Flussonic Media Server documentation

Reducing memory consumption

The launched Flussonic may consume huge amount of memory: up to 30 Gigabytes.

It looks creepy, but if we count how it is used, it will no longer seem so scary. The fact is that in order to run as fast as possible, Flussonic prepares all the data in the memory for some protocols in advance.

So, for the HLS and HDS protocols all segments are stored in memory and are extracted as fast as possible. With that, Flussonic is actually one of the two servers that efficiently use several cores and distribute video from shared memory to clients across the cores.

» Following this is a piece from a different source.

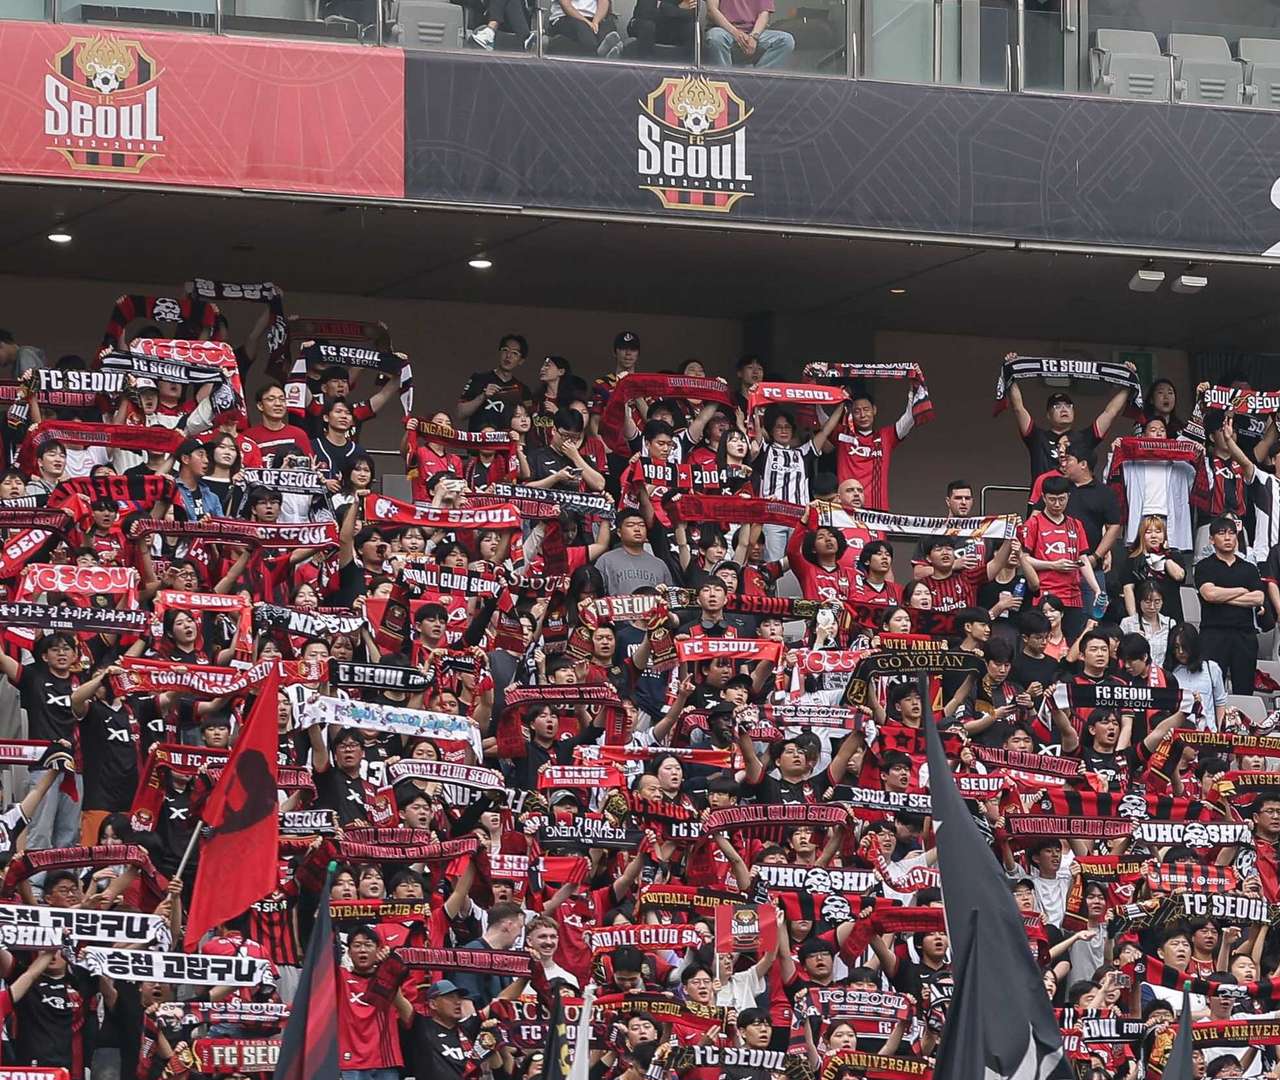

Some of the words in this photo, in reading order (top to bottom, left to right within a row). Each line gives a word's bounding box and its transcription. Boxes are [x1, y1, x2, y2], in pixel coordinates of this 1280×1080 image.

Most of the servers written in C can't run in the multi-trend mode and require writing HLS segments to the disk. This behavior of the server results in unpredictable speed of video delivery from the disk, and a successful writing to the log may affect live broadcasting. Flussonic does not have such a problem, since the memory is used directly for storing the last seconds of the stream.

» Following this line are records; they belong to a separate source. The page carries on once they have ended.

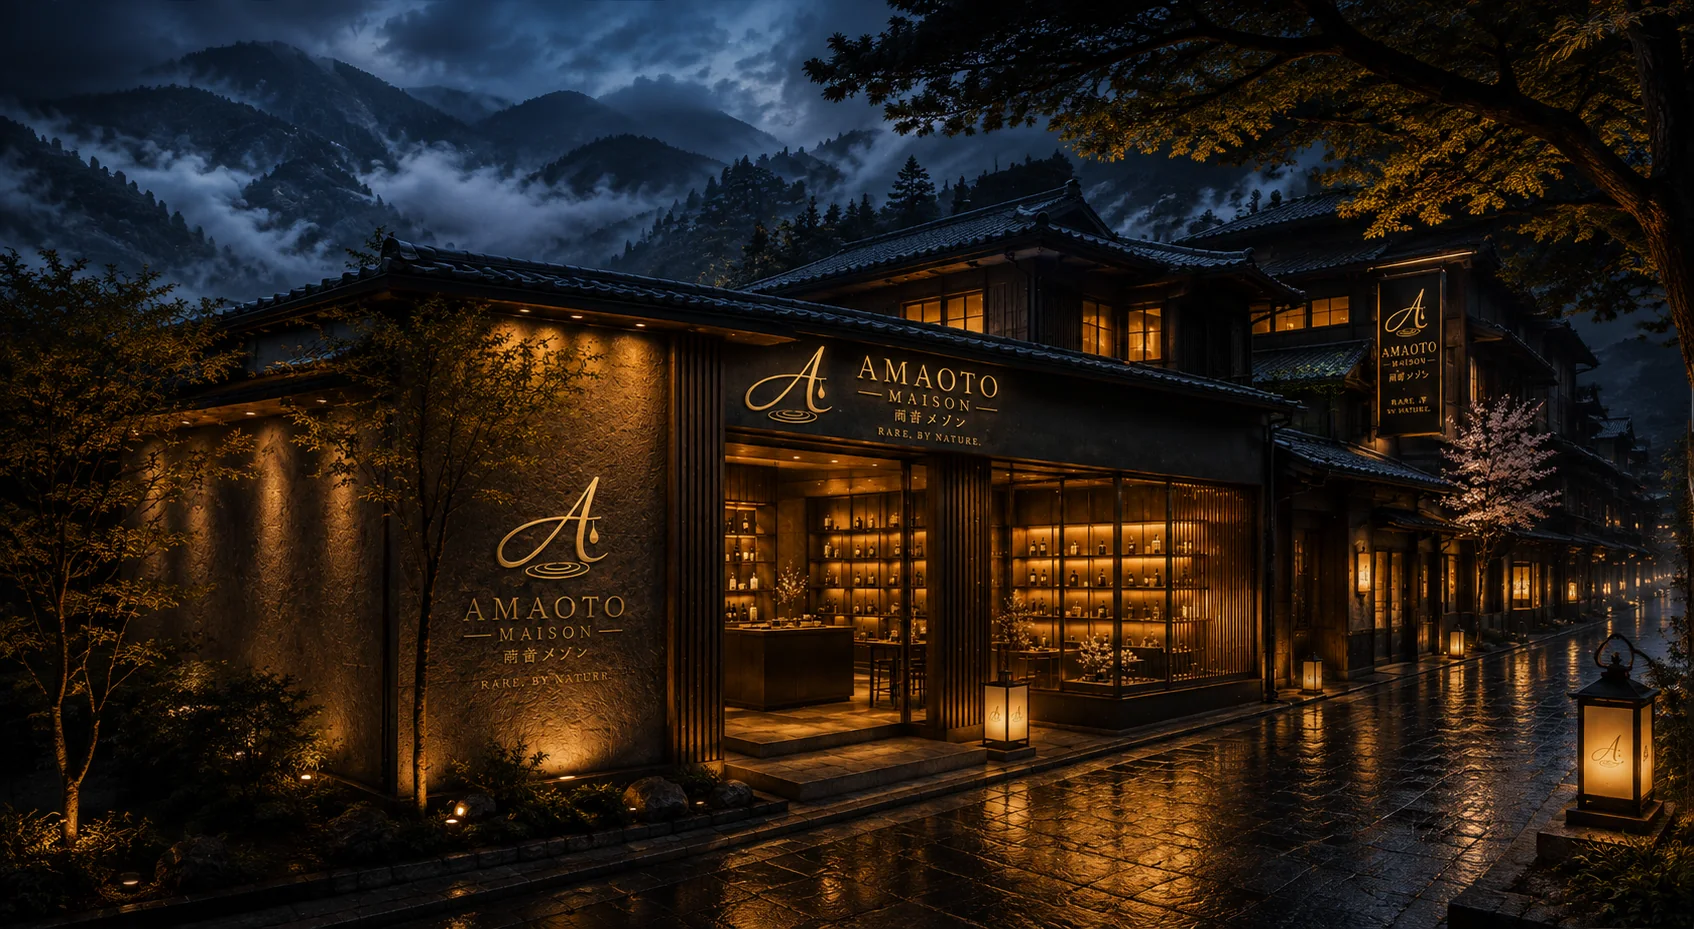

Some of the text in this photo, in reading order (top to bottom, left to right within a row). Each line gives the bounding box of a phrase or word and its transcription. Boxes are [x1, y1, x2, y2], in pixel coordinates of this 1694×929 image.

[1381, 341, 1437, 358] AMAOTO
[857, 355, 998, 399] AMAOTO
[888, 388, 971, 412] MAISON
[878, 427, 982, 446] RARE. BY NATURE.
[463, 595, 626, 622] AMAOTO
[499, 625, 593, 642] MAISON
[531, 675, 549, 686] BY

Let's see what the main memory consumers in Flussonic are.

HDS Anchor Anchor x2

The easiest way to reduce memory consumption is disabling HDS. One can do without it, but HLS should better be preserved:
stream ort {
  url udp://239.0.0.1;
  hds off;
}

With the default settings, this will save about several dozens of megabytes per stream.

Prepush Anchor Anchor x2

The next way to reduce memory consumption is disabling prepushing. Prepush means the frames in memory that will be sent to fill the buffer at a client that has just connected over the RTMP or HTTP MPEG-TS protocol:
stream ort {
  url udp://239.0.0.1;
  hds off;
  prepush off;
}

Now the frames will not be saved in the stream, but will be accumulated only in the list of HLS segments.